▶ **Work order**:
Give all of the data below again exactly, and drop the images.
───── Input for this task ─────
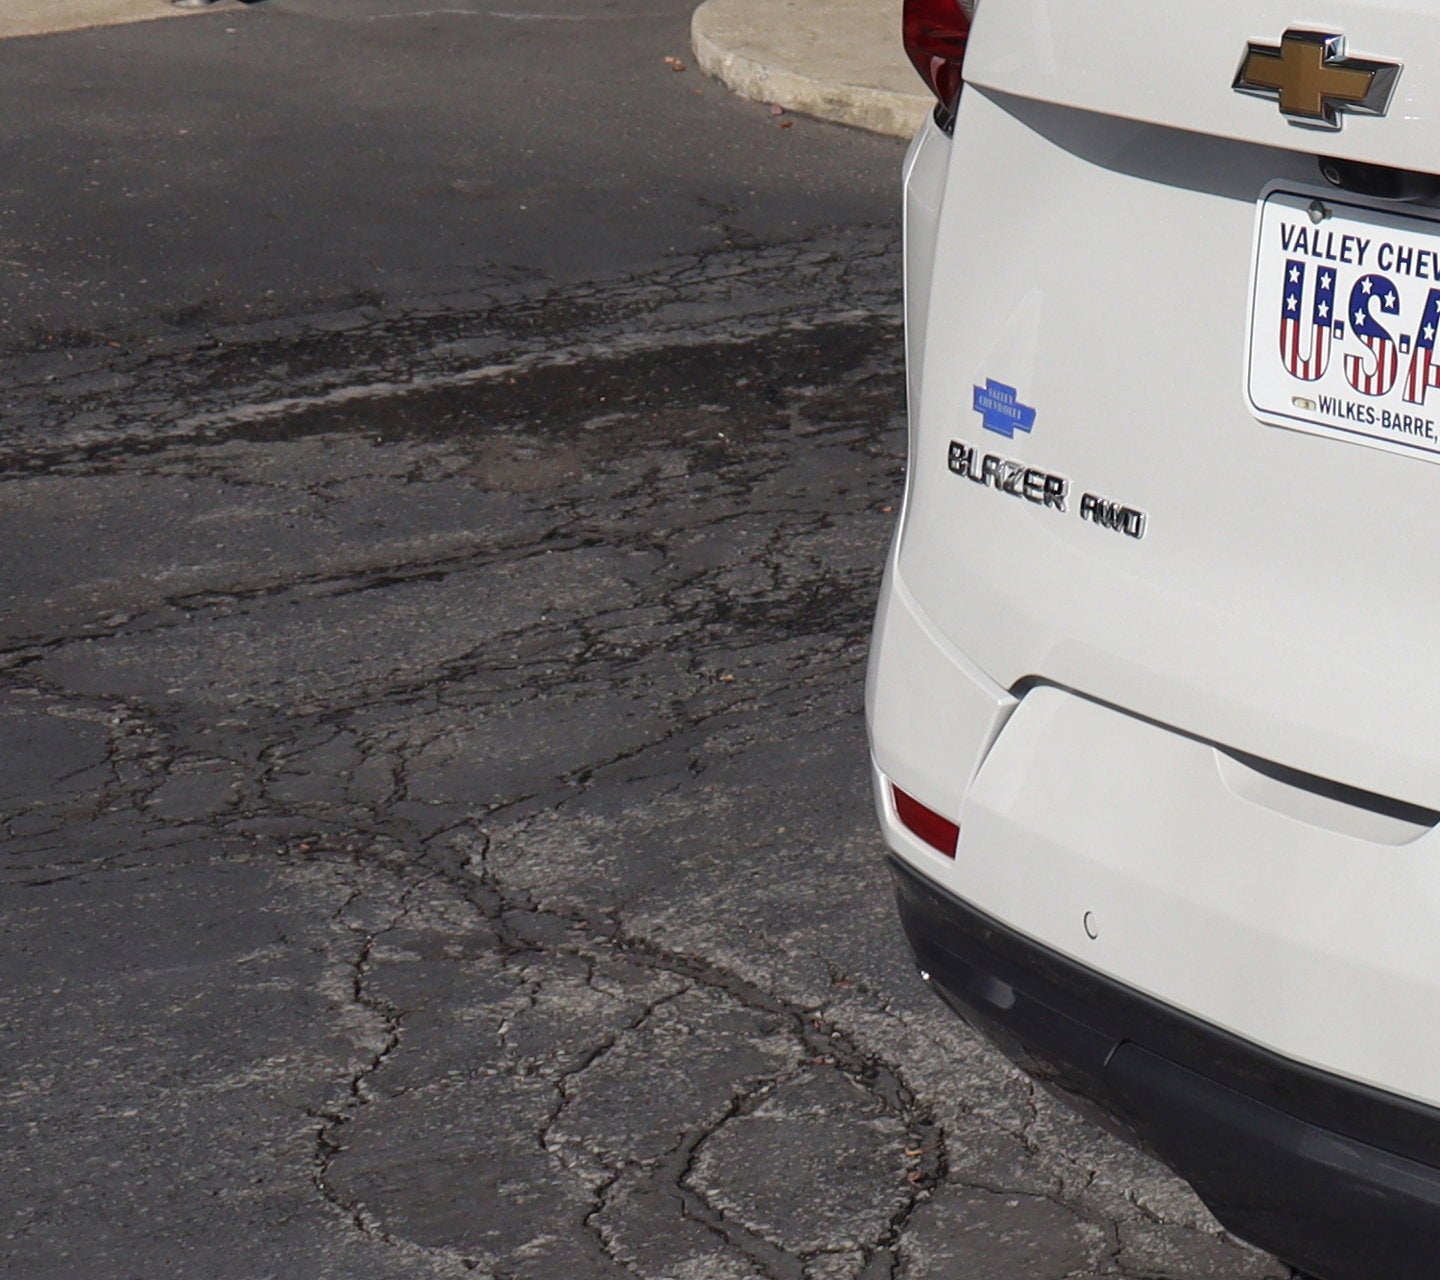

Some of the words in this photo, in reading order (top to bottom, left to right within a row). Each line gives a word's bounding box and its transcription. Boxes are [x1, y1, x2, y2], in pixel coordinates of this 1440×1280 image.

[1279, 222, 1371, 266] VALLEY
[1317, 393, 1439, 443] WILKES-BARRE,
[947, 439, 1071, 513] BLAZER
[1079, 492, 1148, 541] AWD
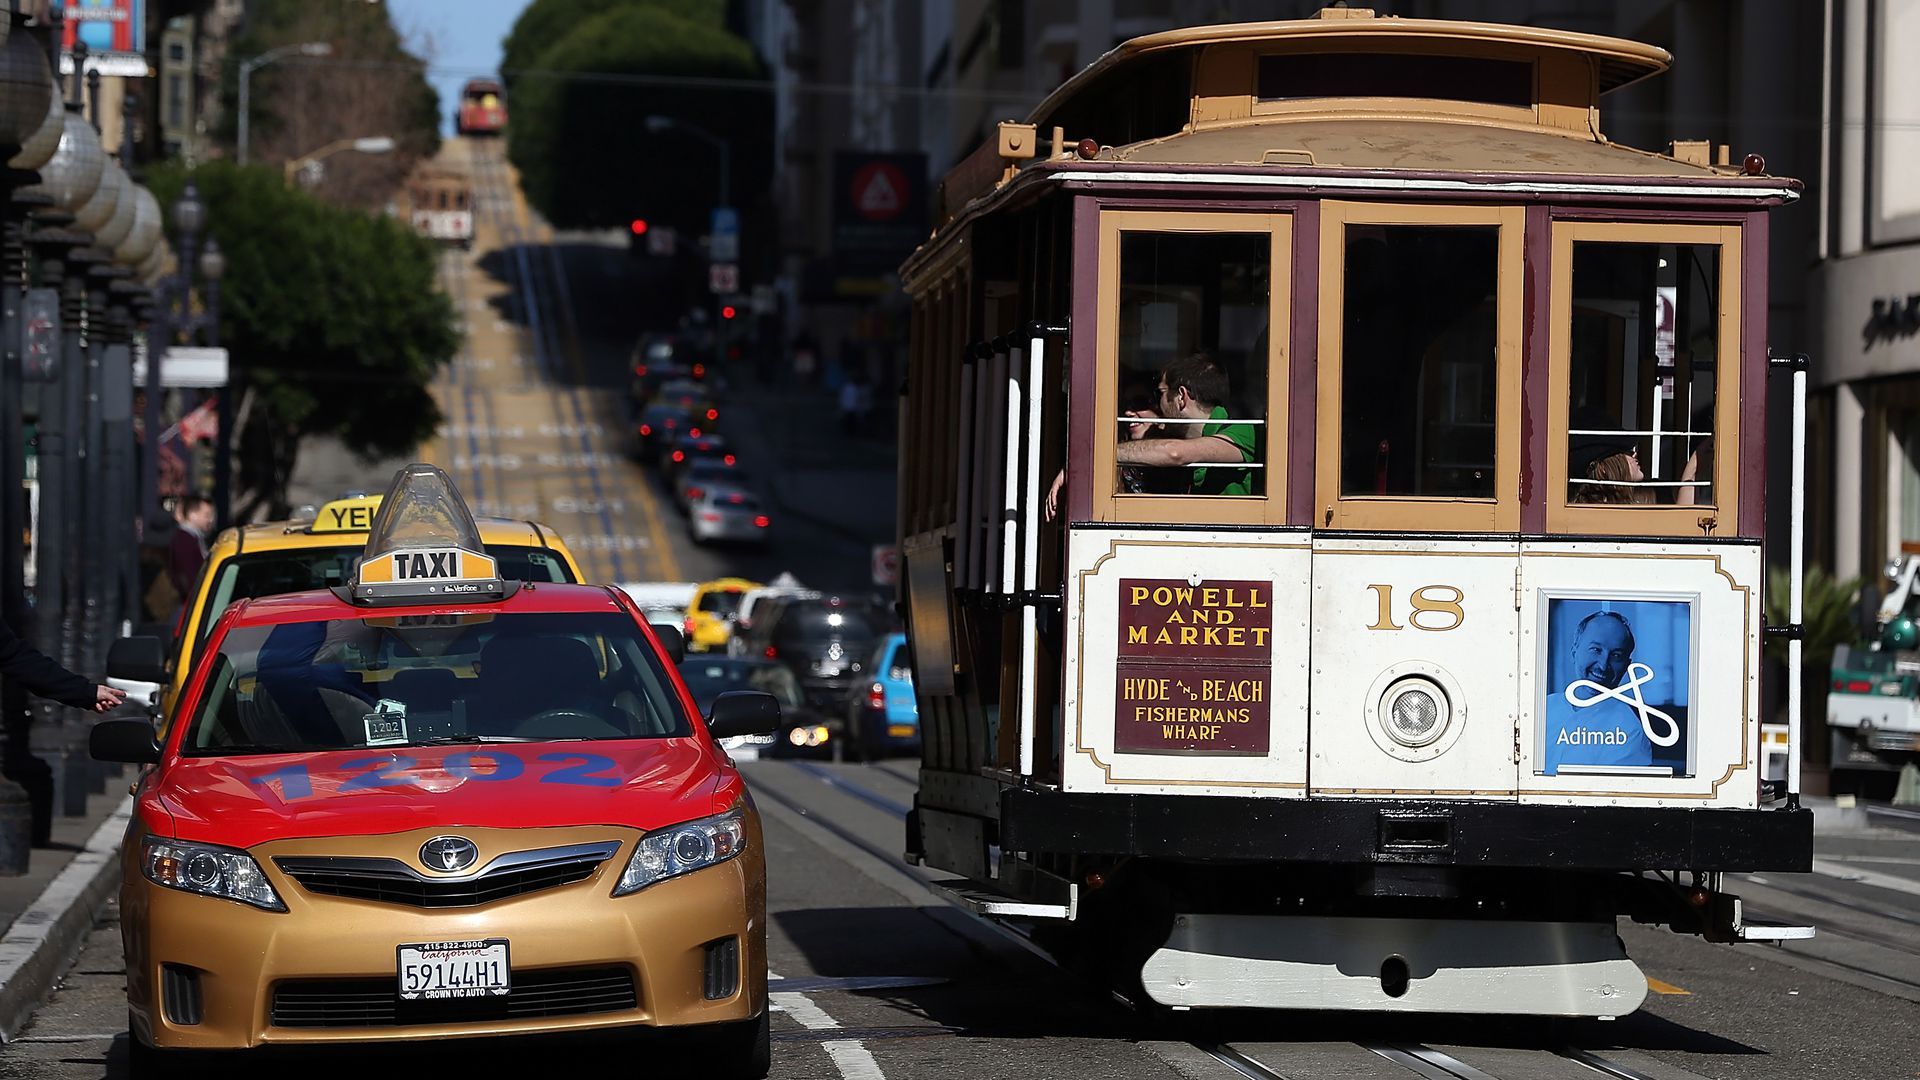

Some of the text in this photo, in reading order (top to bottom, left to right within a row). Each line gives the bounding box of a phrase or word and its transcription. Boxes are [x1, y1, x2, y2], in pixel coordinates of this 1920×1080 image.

[394, 552, 457, 579] TAXI
[1130, 586, 1267, 608] POWELL
[1166, 609, 1234, 625] AND
[1365, 584, 1465, 632] 18
[1127, 625, 1270, 647] MARKET
[1123, 678, 1263, 702] HYDE AND BEACH
[1134, 707, 1250, 723] FISHERMANS
[372, 721, 399, 733] 1202
[1162, 724, 1222, 740] WHARF
[1556, 726, 1628, 745] Adimab
[250, 751, 623, 800] 1202
[424, 941, 483, 950] 415-822-4900
[421, 949, 489, 962] California
[406, 961, 503, 990] 59144H1
[425, 988, 486, 999] CROWN VIC AUTO
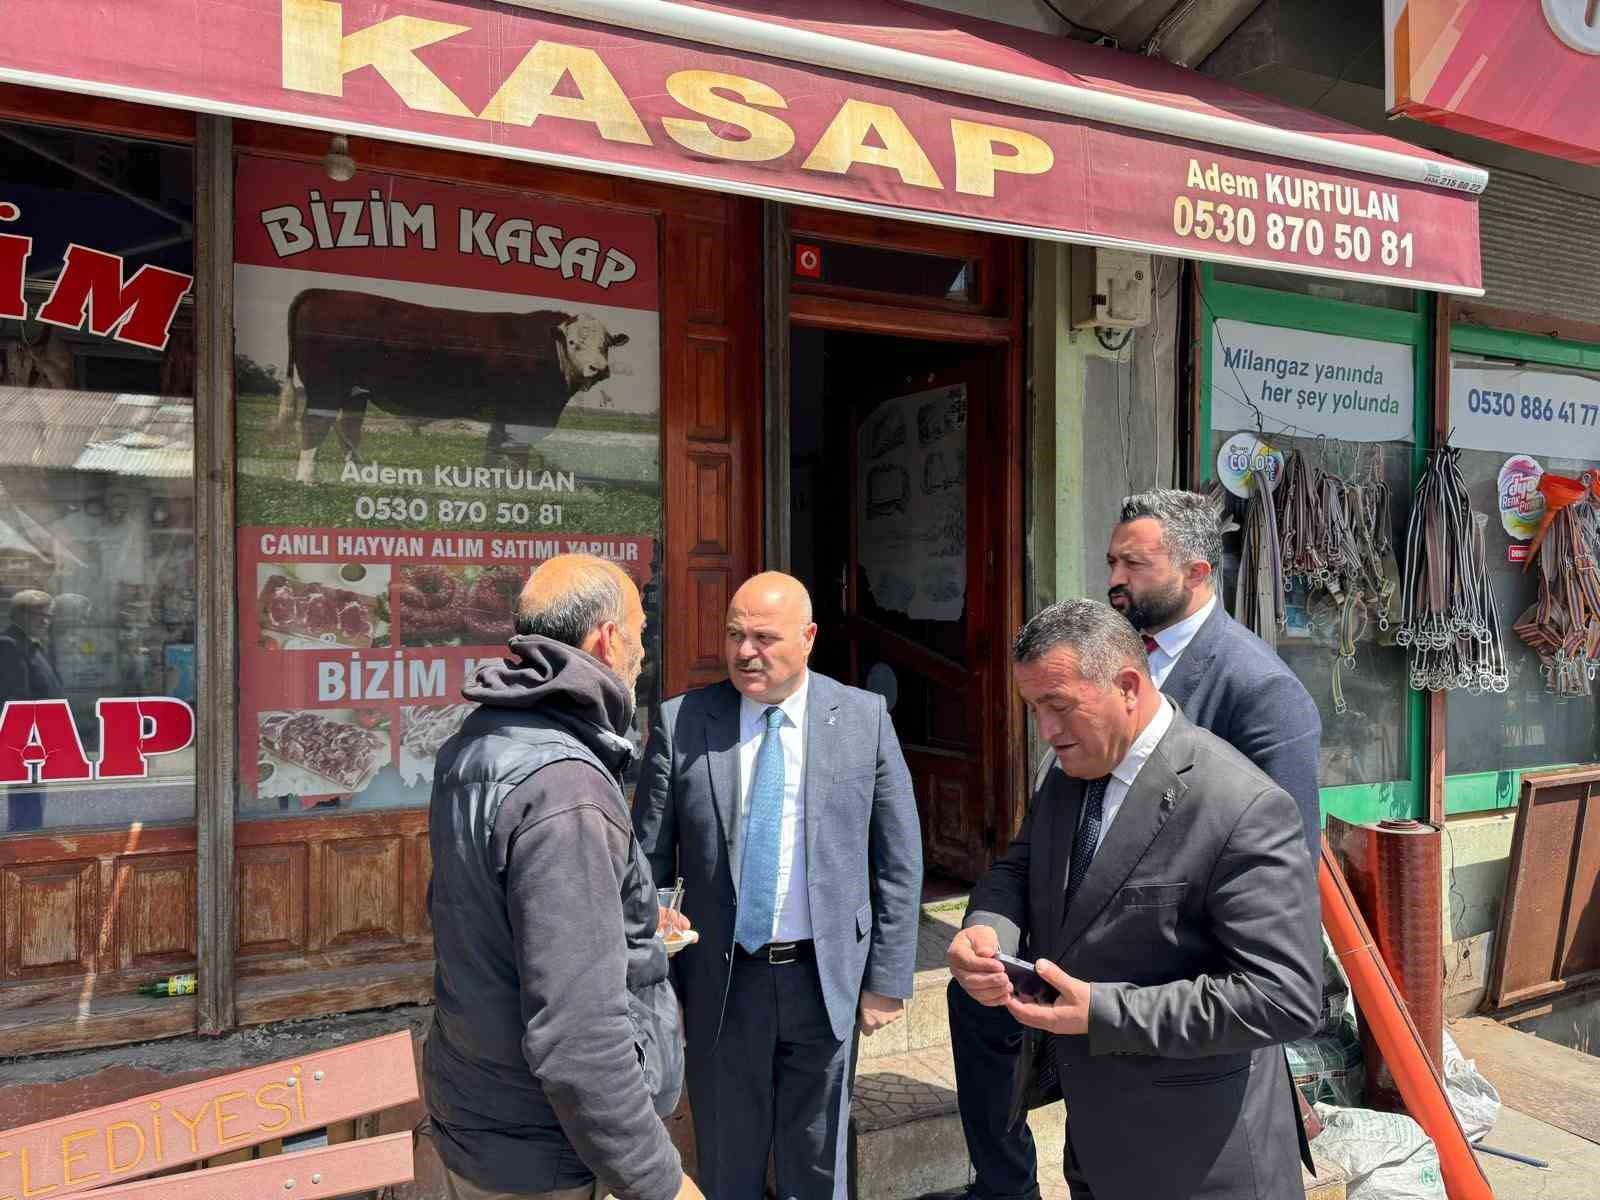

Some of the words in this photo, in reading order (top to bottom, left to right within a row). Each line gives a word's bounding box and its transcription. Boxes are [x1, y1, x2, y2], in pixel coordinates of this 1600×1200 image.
─────
▶ **Written solution**:
Some of the words in this photo, in reading order (top to bottom, left to right within a row). Each line gives a word's bounding box and its transcription. Boxes are [x1, y1, x2, y2], in pixel coordinates of this 1440×1280 image.

[1279, 222, 1371, 266] VALLEY
[1317, 393, 1439, 443] WILKES-BARRE,
[947, 439, 1071, 513] BLAZER
[1079, 492, 1148, 541] AWD

Some of the text in this photo, in reading order (top to bottom, left to right within a row). Each line gives the bounding box of a phrase or word and its transcription. Boxes are [x1, y1, x2, y2], in pixel coordinates of this 1920×1080 image.

[394, 552, 457, 579] TAXI
[1130, 586, 1267, 608] POWELL
[1166, 609, 1234, 625] AND
[1365, 584, 1465, 632] 18
[1127, 625, 1270, 647] MARKET
[1123, 678, 1263, 702] HYDE AND BEACH
[1134, 707, 1250, 723] FISHERMANS
[372, 721, 399, 733] 1202
[1162, 724, 1222, 740] WHARF
[1556, 726, 1628, 745] Adimab
[250, 751, 623, 800] 1202
[424, 941, 483, 950] 415-822-4900
[421, 949, 489, 962] California
[406, 961, 503, 990] 59144H1
[425, 988, 486, 999] CROWN VIC AUTO

Some of the words in this photo, in reading order (top to bottom, left to right within a row). Each line gives a word's bounding box and its transcription. Boxes are [x1, y1, x2, y2], in pixel coordinates of this 1600×1200 image.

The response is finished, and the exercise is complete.